▸ **Work to complete**:
The following data needs to be repeated exactly, with all images excluded.
[Data provided — start]
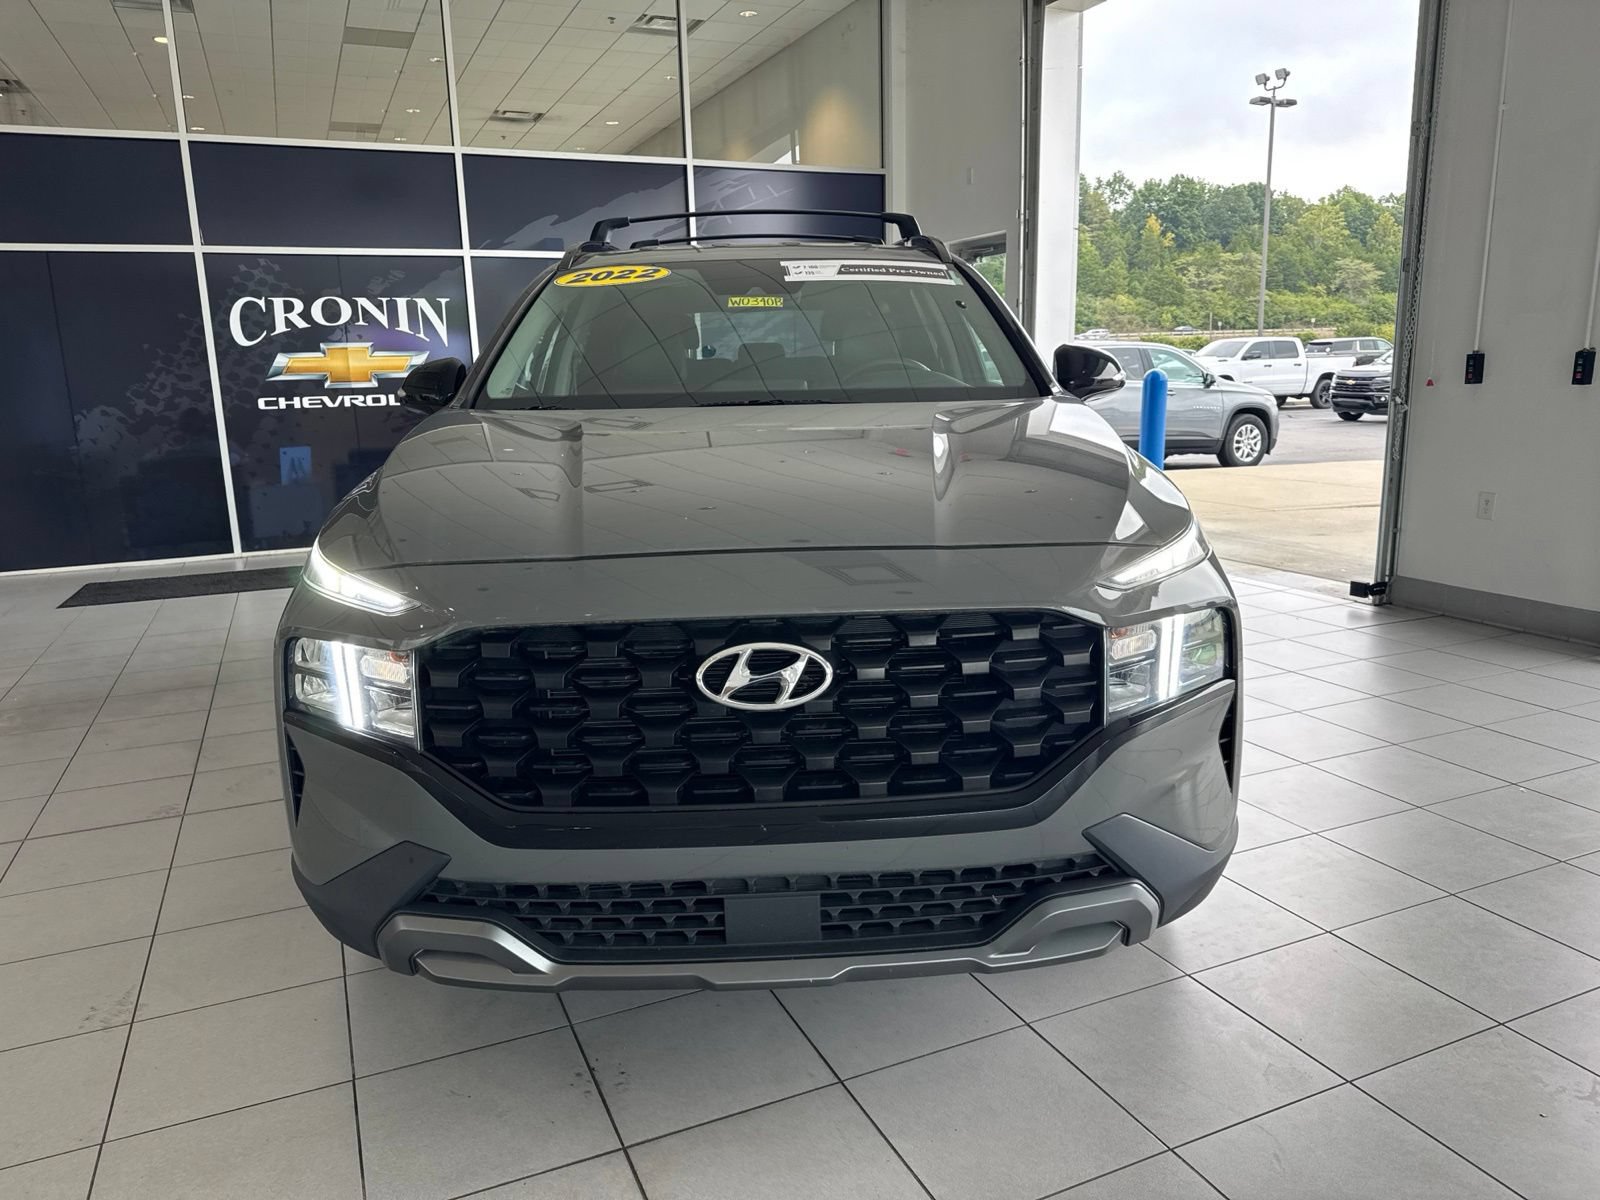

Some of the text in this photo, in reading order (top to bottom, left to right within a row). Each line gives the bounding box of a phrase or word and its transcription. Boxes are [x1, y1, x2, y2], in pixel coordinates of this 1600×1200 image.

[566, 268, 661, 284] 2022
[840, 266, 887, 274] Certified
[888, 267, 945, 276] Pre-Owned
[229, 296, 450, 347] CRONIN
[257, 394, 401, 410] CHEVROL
[Data provided — finish]
▸ **Exercise answer**:
Some of the text in this photo, in reading order (top to bottom, left to right within a row). Each line gives the bounding box of a phrase or word and its transcription. Boxes are [x1, y1, x2, y2], in pixel coordinates of this 1600×1200 image.

[566, 268, 661, 284] 2022
[840, 266, 887, 274] Certified
[888, 267, 945, 276] Pre-Owned
[229, 296, 450, 347] CRONIN
[257, 394, 401, 410] CHEVROL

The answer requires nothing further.